Redshift is an example of a column oriented database or C- Store. A C- Store database differs most notably from relational databases in that it stores data in columns rather than in rows. In so doing it optimizes the database for reading data instead of writing data. (Referenced http://en.wikipedia.org/wiki/c- Store). The research and development of the first column oriented database, Vertica, was done by Professor Stonebraker and his colleagues at MIT in 2005 and led to the commercialization of the Vertica database by Stonebraker. Background on Business Intelligence (BI) Tools Used in AWS (A) Tableau BI Reports Business intelligence (BI) reporting software can be used with cloud based databases such as AWS s Redshift database. Using Tableau with Redshift you can create most of the types of BI reports included with the Tableau software. Tableau reports allow one to visualize trends and spot anomalies in the data. With big data sets it is very hard to do trend analysis and spot anomalies without BI reports that can visualize big data sets. Tableau reports have commonly been used in marketing and finance industries. An example of Tableau report that has been used in sales and marketing includes creating a Tableau dashboard to view Salesforce data of a sales team. In the finance industry Tableau has commonly been used for creating wealth management dashboards and in creating dashboards which analyze publicly traded company stock prices over a given time horizon. (Referenced URL: http://www.tableausoftware.com/learn/gallery)

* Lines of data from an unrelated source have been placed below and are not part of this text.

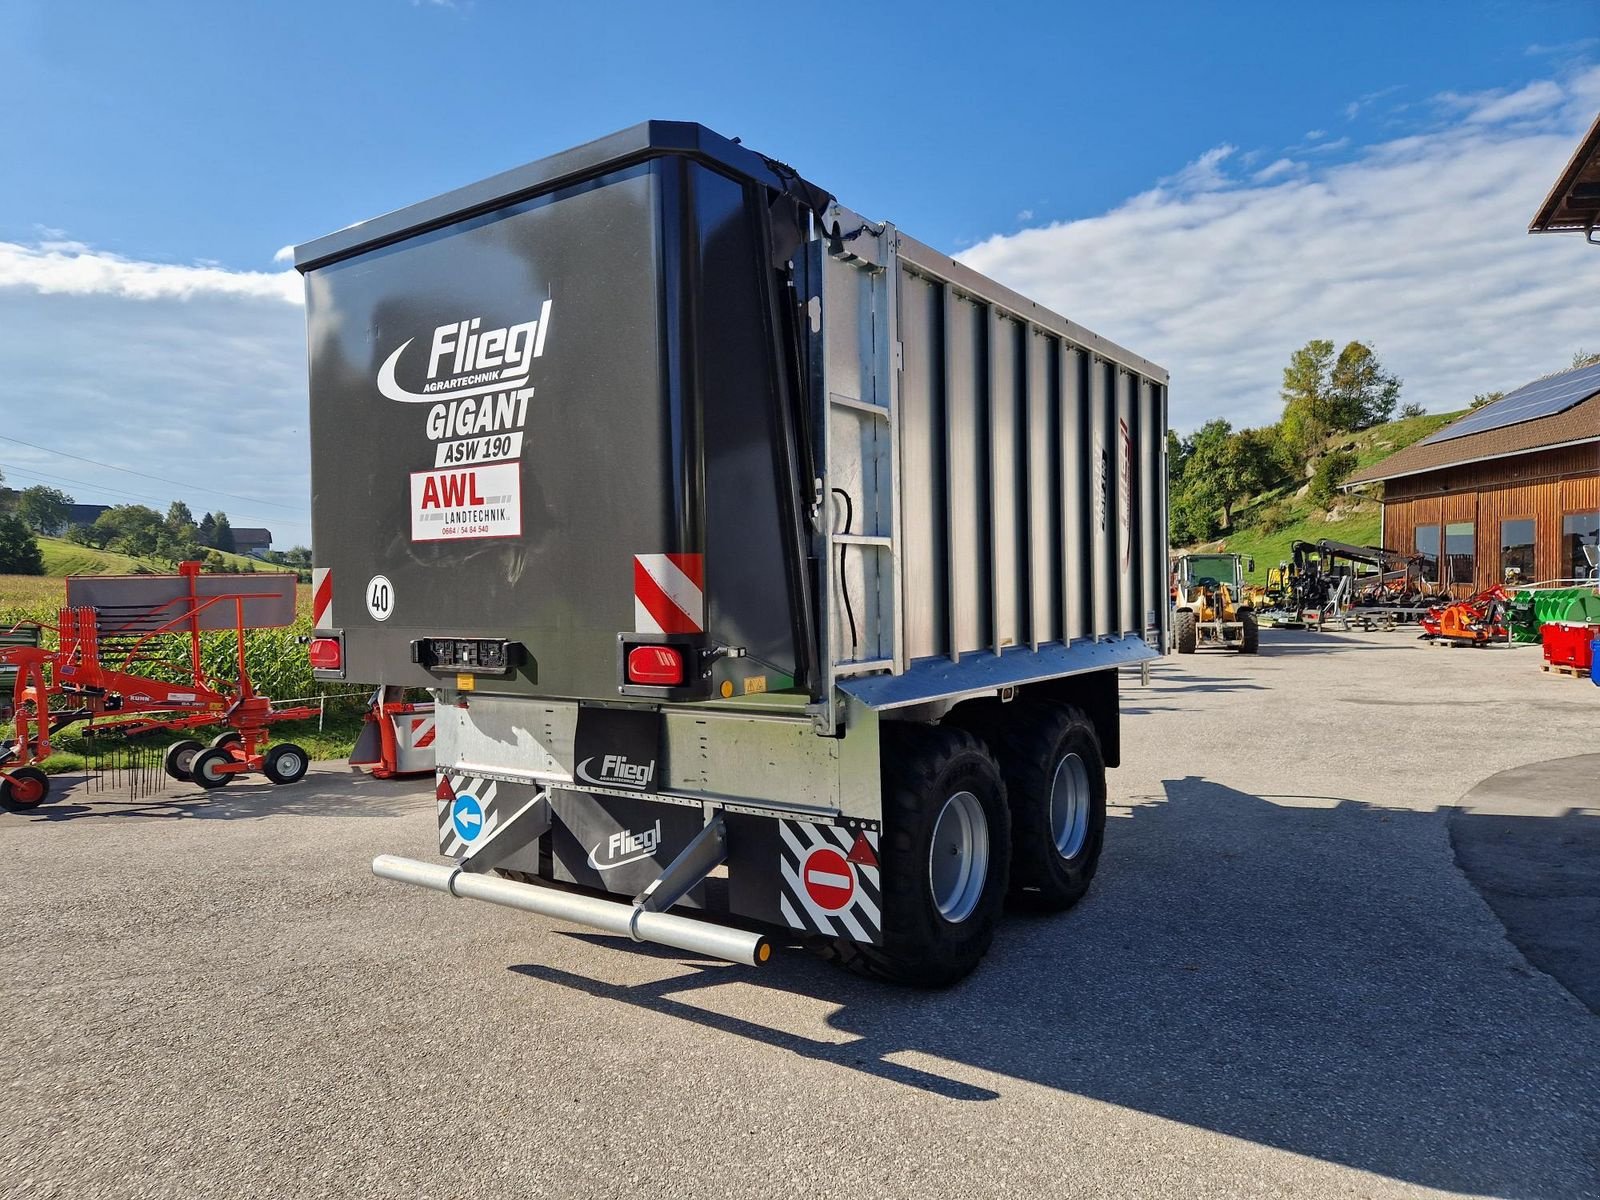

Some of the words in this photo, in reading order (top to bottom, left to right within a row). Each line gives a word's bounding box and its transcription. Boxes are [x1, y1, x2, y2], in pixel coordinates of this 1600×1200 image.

[427, 299, 552, 379] Fliegl
[423, 370, 500, 393] AGRARTECHNIK
[426, 387, 535, 441] GIGANT
[444, 442, 480, 463] ASW
[482, 435, 512, 458] 190
[421, 472, 485, 510] AWL
[445, 508, 506, 524] LANDTECHNIK
[372, 584, 388, 612] 40
[601, 754, 655, 786] Fliegl
[608, 819, 663, 859] Fliegl
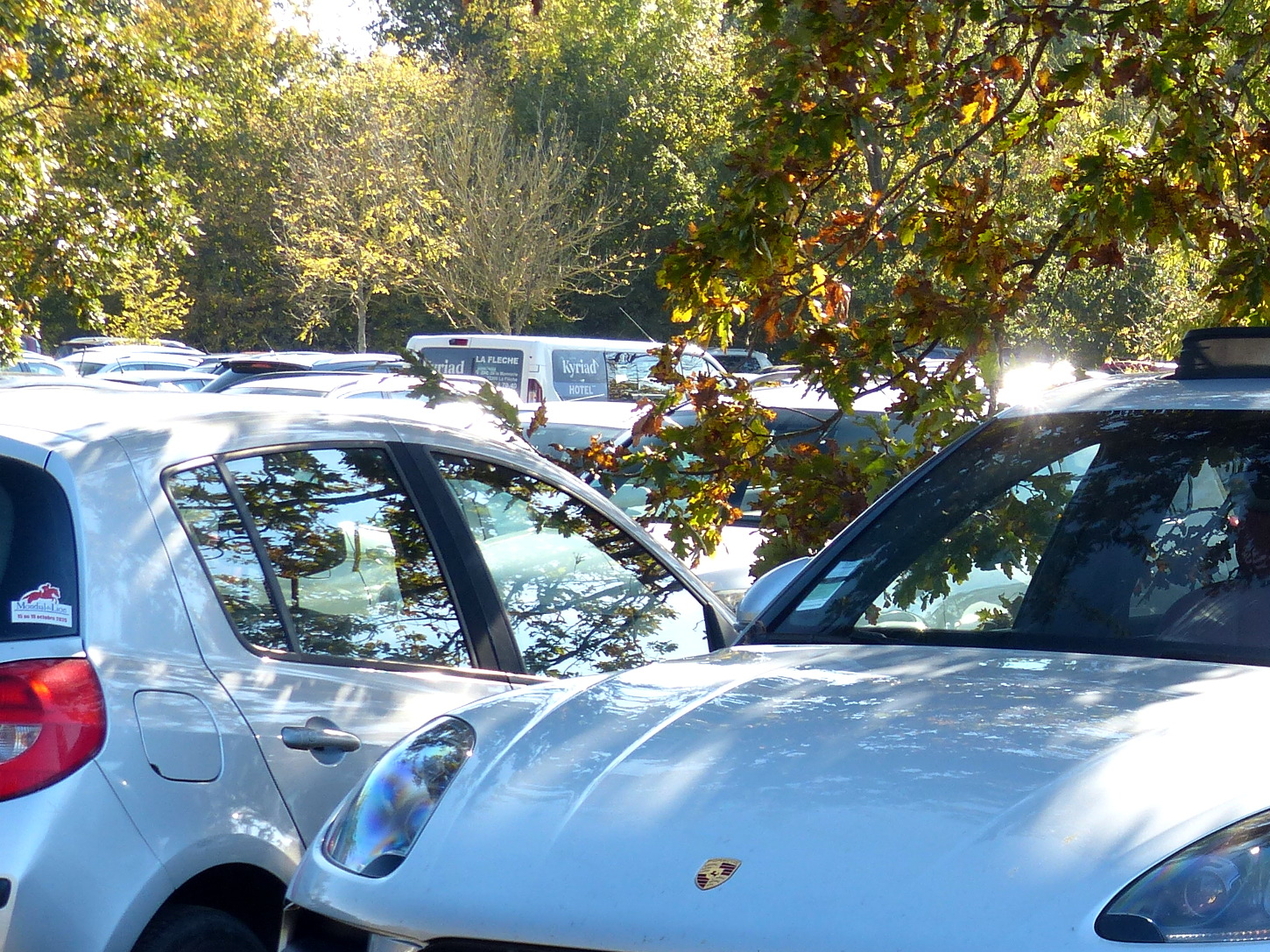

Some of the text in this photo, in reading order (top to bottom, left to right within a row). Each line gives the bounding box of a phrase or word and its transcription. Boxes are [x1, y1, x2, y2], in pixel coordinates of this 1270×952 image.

[475, 355, 519, 365] LA FLECHE
[562, 358, 598, 378] Kyriad
[569, 385, 594, 395] HOTEL

(B) Custom BI Reports Custom BI reports can be created with Javascript frameworks including D3.js and ExtJS. Creating custom BI reports can be done by coding the design of the report with D3.js and consuming the JSON data from a Restful API. A web server such as Tomcat needs to be installed on the EC2 instance so that the report can be viewed on the internet. III Future Directions and opportunities for AWS and Cloud Computing The future of AWS and of cloud computing is quite bright. The interest level in hosting an application in the cloud has been and continues to be high for three reasons. First, the cost of hosting an application in the cloud is substantially less than the cost of buying the hardware and hosting the application yourself. Secondly, the technologies available to you in the cloud allow you to quickly and easily deploy a website, data warehouse, or other application. Third, the cloud computing space is evolving quite fast and companies including Amazon are constantly developing new tools and technologies in the space which is good for companies that wish to host an application with a cloud provider. To prove that AWS is constantly evolving this month alone AWS released the services Appstream, Amazon Workspaces, and Amazon Cloudtrail. Appsream, a media and interactive content streaming service, is oriented toward streaming content for applications that require high- definition video and features like interactivity and user authentication.

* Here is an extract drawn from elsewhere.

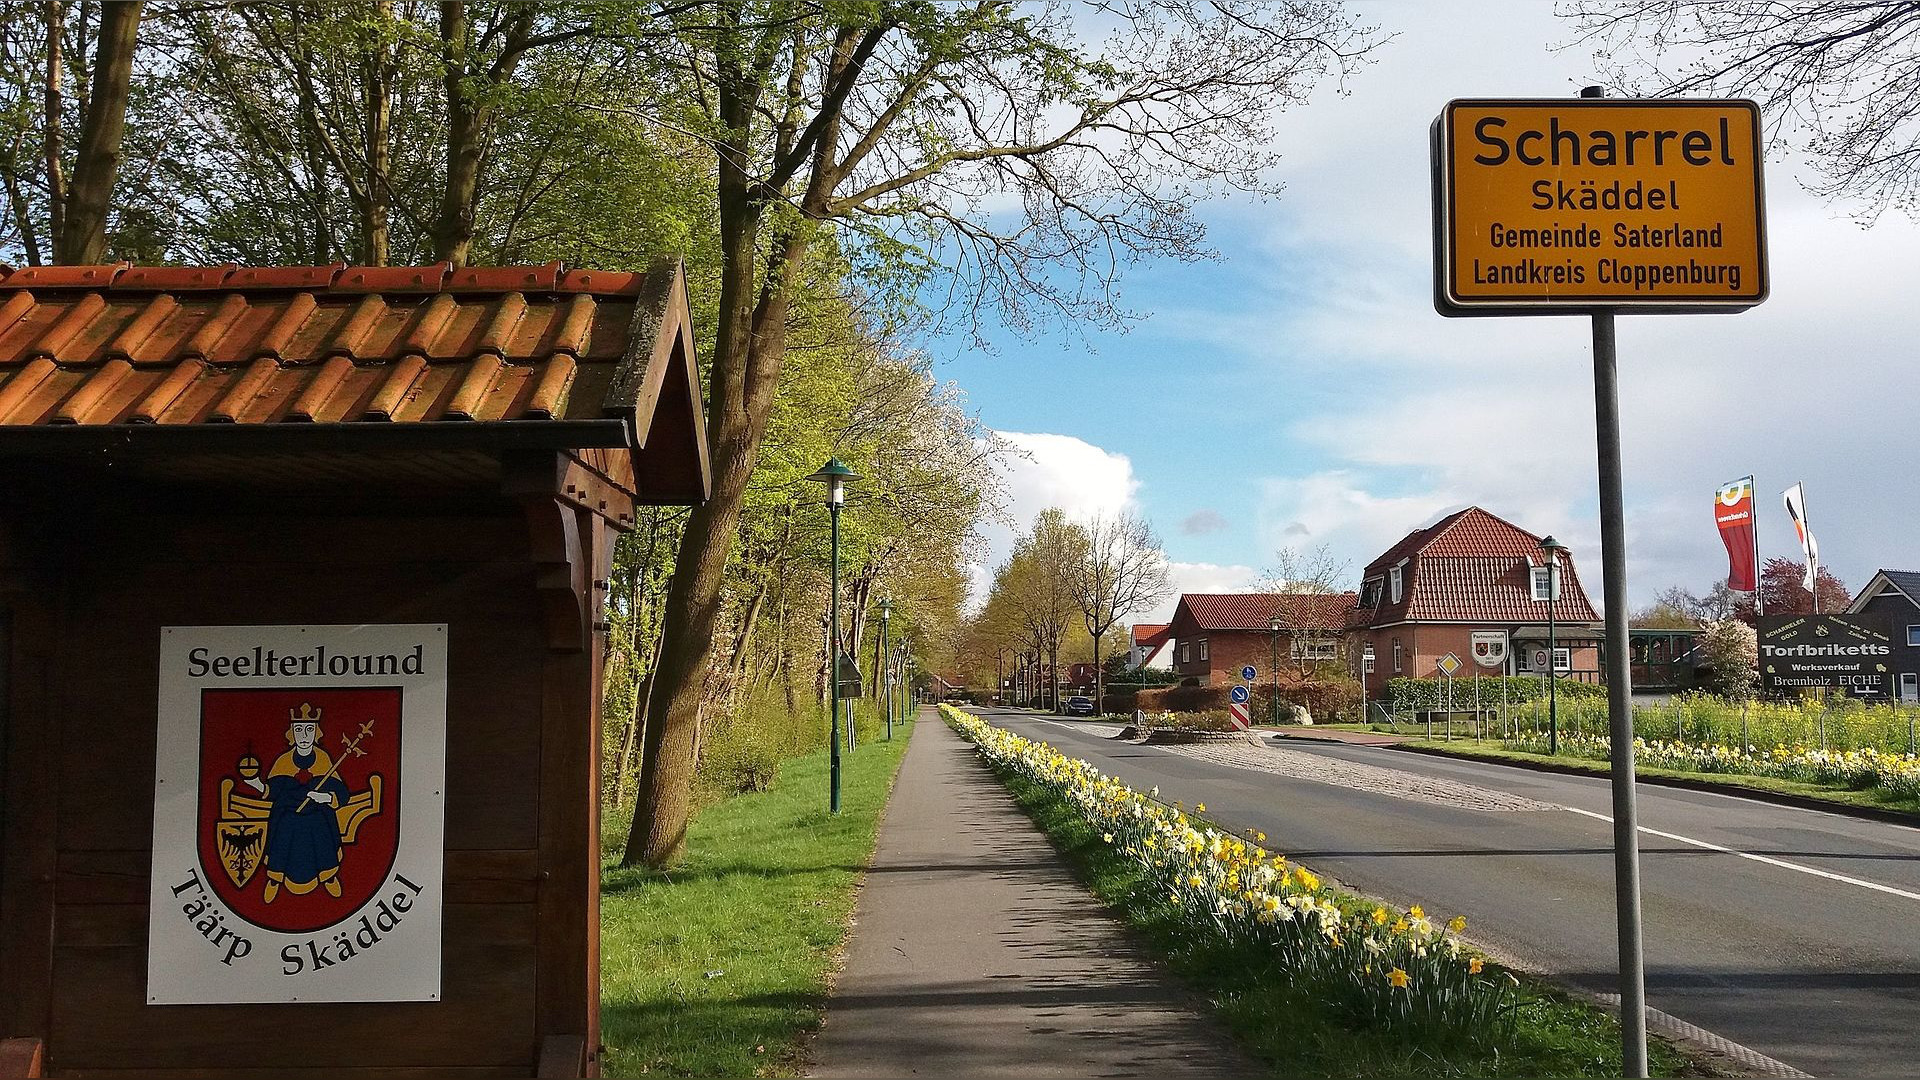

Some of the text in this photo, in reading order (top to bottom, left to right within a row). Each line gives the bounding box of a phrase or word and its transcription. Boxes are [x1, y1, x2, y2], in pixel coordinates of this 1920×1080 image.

Amazon Workspaces is Amazon s entry into the virtual desktop market. Amazon Workspaces pricing structure is similar to that of other AWS products and services and you pay as you use it. The AWS virtual desktops are Windows 7- like instances and they can be accessed from a variety of devices: Mac OS and Windows desktops, as well as ipad, Kindle Fire, and Android tablets. Amazon Cloudtrail is a tracking service which logs all of your Amazon API traffic associated with a given account. Every single command line call, SDK call, and even calls initiated from within the Amazon management console are logged.